‘Fingerprints’ of extreme weather revealed by statistical approach
Determining if particular extreme hot or cold spells were caused by climate change could be made easier by a new mathematical method. The statistical method, developed by physicists at the University of Reading and Uppsala University in Sweden, looks at the characteristics, or ‘fingerprints’, of a specific extreme weather event of interest, like a heatwave, in order to ascertain whether it can be attributed to natural climate variability of the climate or is a unique product of global warming.
The method also allows predictions to be made about how likely extreme climate events will be in the future.
Professor Valerio Lucarini, Professor of Statistical Mechanics and co-author of the research published in the journal Physical Review Letters, said: “The impact of climate change on the tails of the distribution of the climatic variables can be very serious, as the probability of occurrence of extreme events like heatwaves can increase dramatically, and new records can be broken one after the other. We need now more than ever international coordination to deal with such extremes.
“It is key to pinpoint the dynamical causes of such extreme events because this leads to an enhanced ability to anticipate the next heatwave and the size of the area they affect. Indeed, persistent extreme events tend to have affect larger regions and we now possess mathematical methods that allow us to understand the backbone behind the individual events and associate them, where possible, to the natural variability of climate.

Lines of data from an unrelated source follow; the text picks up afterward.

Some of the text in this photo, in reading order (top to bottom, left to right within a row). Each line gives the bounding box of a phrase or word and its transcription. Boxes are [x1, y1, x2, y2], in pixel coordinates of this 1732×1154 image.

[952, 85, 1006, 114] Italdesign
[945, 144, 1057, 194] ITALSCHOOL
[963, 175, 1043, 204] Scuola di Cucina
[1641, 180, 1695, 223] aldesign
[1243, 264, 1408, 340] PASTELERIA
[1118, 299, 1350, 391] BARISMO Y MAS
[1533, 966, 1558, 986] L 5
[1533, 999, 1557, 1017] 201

“Climate change can reveal itself both as a change in the probability of occurrence of specific extreme events – what was extreme becomes the new normal – and as the occurrence of new, unprecedented events, which I would call dangerous climatic surprises.”

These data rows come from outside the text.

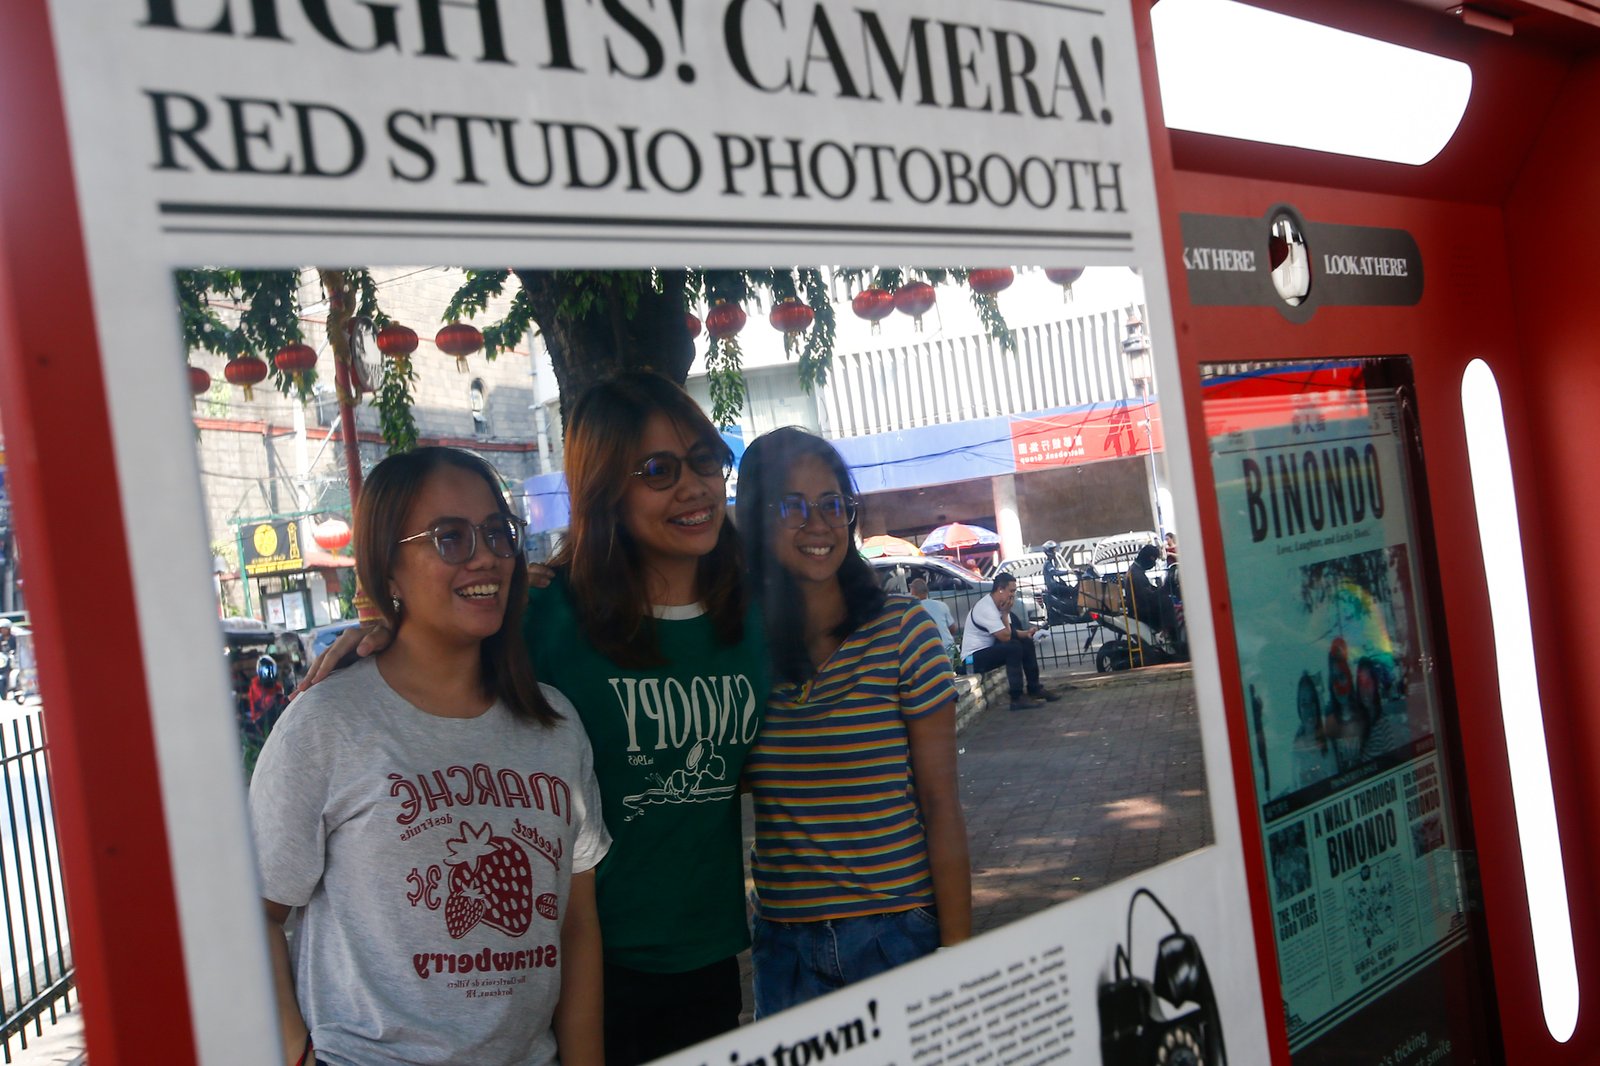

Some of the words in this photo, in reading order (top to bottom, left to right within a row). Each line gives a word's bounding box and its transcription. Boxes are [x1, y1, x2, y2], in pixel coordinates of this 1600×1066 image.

[136, 0, 696, 84] HTS!
[722, 0, 1115, 125] CAMERA!
[142, 89, 366, 178] RED
[385, 109, 702, 193] STUDIO
[713, 133, 1127, 213] PHOTOBOOTH
[1242, 442, 1385, 543] BINONDO
[1322, 797, 1353, 833] WALK
[1353, 777, 1398, 819] THROUGH
[1326, 807, 1398, 879] BINONDO
[772, 999, 881, 1066] town!
[1394, 1031, 1428, 1062] ticking
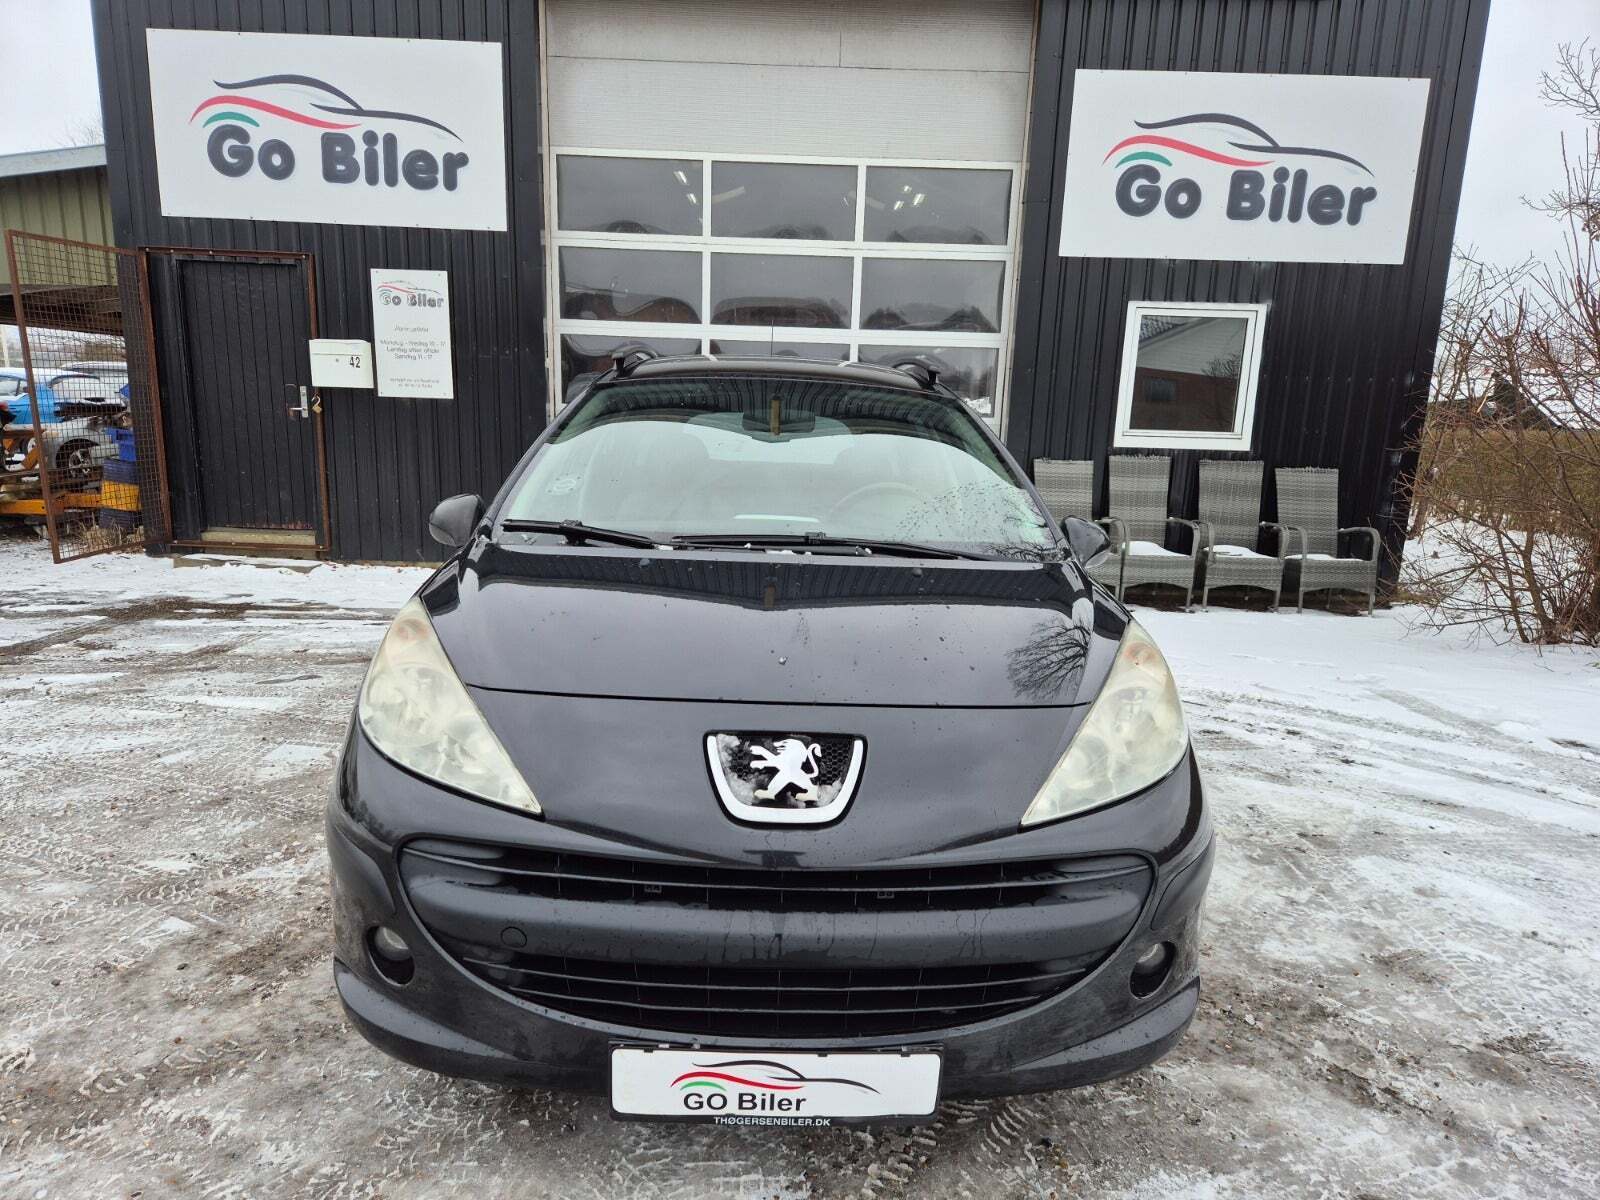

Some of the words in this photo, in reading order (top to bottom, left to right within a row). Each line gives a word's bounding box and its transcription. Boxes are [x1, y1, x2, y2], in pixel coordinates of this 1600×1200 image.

[207, 124, 295, 180] Go
[321, 130, 469, 191] Biler
[1115, 164, 1202, 219] Go
[1226, 166, 1378, 226] Biler
[380, 292, 402, 306] Go
[407, 293, 444, 308] Biler
[350, 356, 360, 368] 42
[683, 1092, 728, 1111] GO
[738, 1092, 807, 1112] Biler
[713, 1116, 831, 1127] THØGERSENBILER.DK

In the study, the two researchers simulated Earth’s climate with no climate change influence for a thousand-year period, using data generated by a state-of-the-art Earth system model, whose output has informed the current IPCC report.

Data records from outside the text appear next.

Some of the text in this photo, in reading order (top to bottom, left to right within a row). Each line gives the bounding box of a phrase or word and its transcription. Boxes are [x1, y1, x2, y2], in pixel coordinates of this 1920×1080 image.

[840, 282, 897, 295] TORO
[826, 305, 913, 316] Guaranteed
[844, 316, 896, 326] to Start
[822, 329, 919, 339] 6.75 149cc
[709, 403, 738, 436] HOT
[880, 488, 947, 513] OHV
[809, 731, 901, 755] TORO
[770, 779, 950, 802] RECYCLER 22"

They then compared all the extreme events that occurred in the simulations with real life events, to see if they could have been expected as part of natural climate deviation or were unexpected, and therefore may have been caused by climate change.
The method was tested on two real events in 2010 – a month-long summer heatwave in Russia where temperatures rose up to 11 °C above average, and a cold spell in Mongolia that brought heavy snow and temperatures of -50 °C in January.
They found that both events could have been expected as part of natural climate deviation, but that climate change will likely make future heatwaves in these regions more extreme.